Ces études épidémiologiques sont complétées par d’autres études sur le métabolisme mettant en exergue le fait que le by pass semble engendrer une vulnérabilité relative à la consommation d’alcool et à la dépendance alcoolique. Une étude américaine*****, notamment, a étudié l’effet de l’absorption de l’alcool (un verre de vin rouge) avant et après chirurgie bariatrique. Les résultats montrent, en particulier que le pic d’alcool expiré est beaucoup plus important six mois après la chirurgie avec by-pass qu’en pré-opératoire. Mais aussi, que le temps de récupération pour devenir sobre est allongé dans le groupe by-pass. De même des symptômes tels que le « flush », l’étourdissement, la vision double ne sont pas ressentis de la même manière avant et après la chirurgie. Autrement dit, les symptômes et la façon dont ceux-ci sont perçus évoluent après l’intervention. « La chirurgie bariatrique (le by pass, notamment) semble s’accompagner, dans certains cas, d’une augmentation du risque de conduites addictives. L’augmentation de la consommation d’alcool après chirurgie de l’obésité pourrait notamment s’expliquer par la recherche d’effet euphorisant plus puissant chez les patients. Ou encore, par le fait que la sélection des patients candidats à la chirurgie bariatrique ne fait pas l’objet d’un "screening" systématique consensuel sur la façon de dépister les addictions, notamment pour l’alcool. Autre hypothèse, peut-être plus positive : cette augmentation de la consommation moyenne d’alcool après chirurgie de l’obésité pourrait également être un marqueur d’une meilleure qualité de vie. En effet, après intervention bariatrique, les patients se sentent mieux dans leur peau, ils se sociabilisent à nouveau, sortent davantage avec leurs proches et ont donc davantage l’occasion de boire » indique le Pr Czernichow. Et de préciser : « Bien entendu, nous manquons de données objectives pour conclure pour l’instant. »

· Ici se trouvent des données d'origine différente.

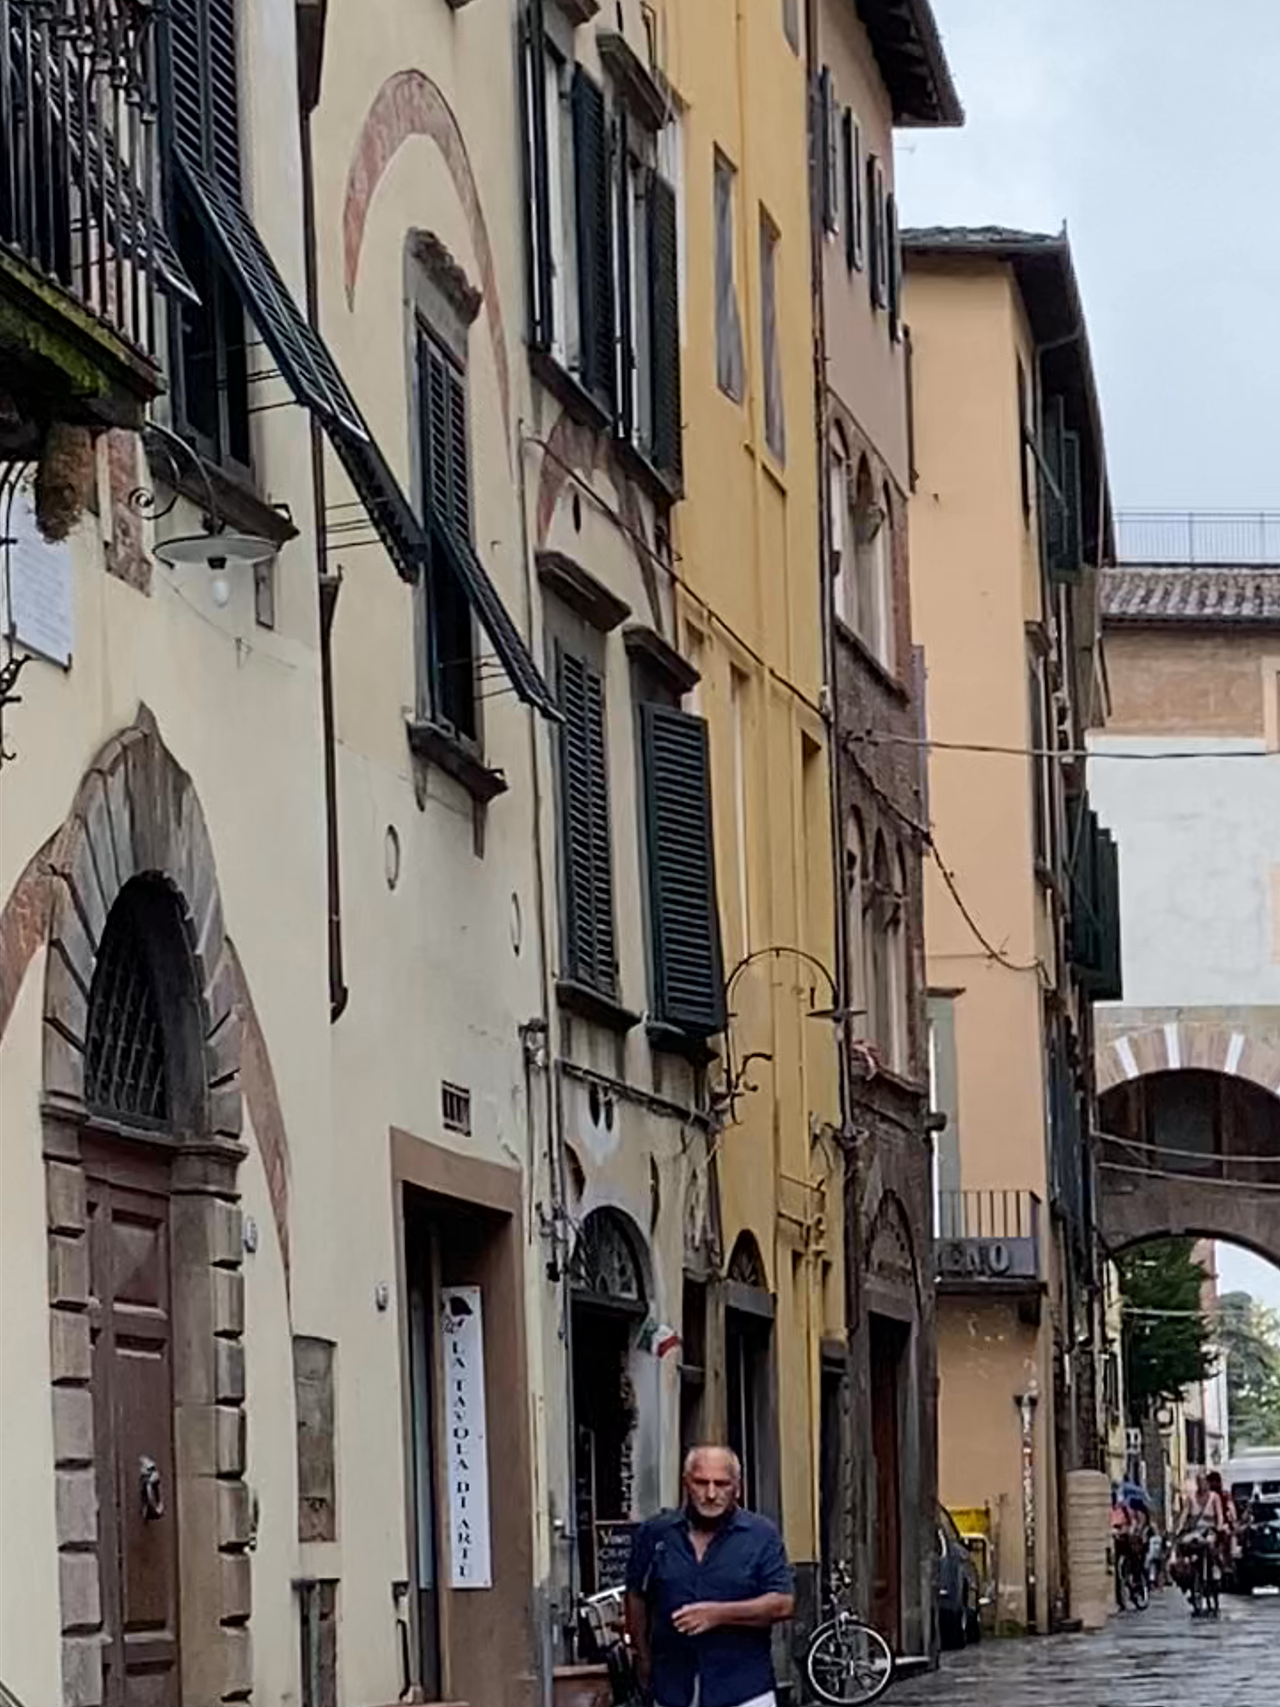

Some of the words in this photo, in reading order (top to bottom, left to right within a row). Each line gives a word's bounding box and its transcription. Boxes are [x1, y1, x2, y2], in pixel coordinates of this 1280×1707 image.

[451, 1340, 466, 1369] LA
[453, 1379, 470, 1470] TAVOLA
[456, 1480, 471, 1509] DI

*Conason et al, JAMA Surg, 2014.

**Svensson et al, Obesity, 2013.

***Il existe deux principaux types de techniques bariatriques : les chirurgies dites restrictives pures, diminuant le volume de l’estomac (anneau gastrique, Sleeve gastrectomie) et les techniques dites mixtes (by-pass, par exemple) : restrictives et « malabsorptives », entraînant une diminution de la quantité des nutriments absorbés.

****Ostlund et al, JAMA Surg, 2013.

*****Woodard et al, JAMA Coll Surg, 2011.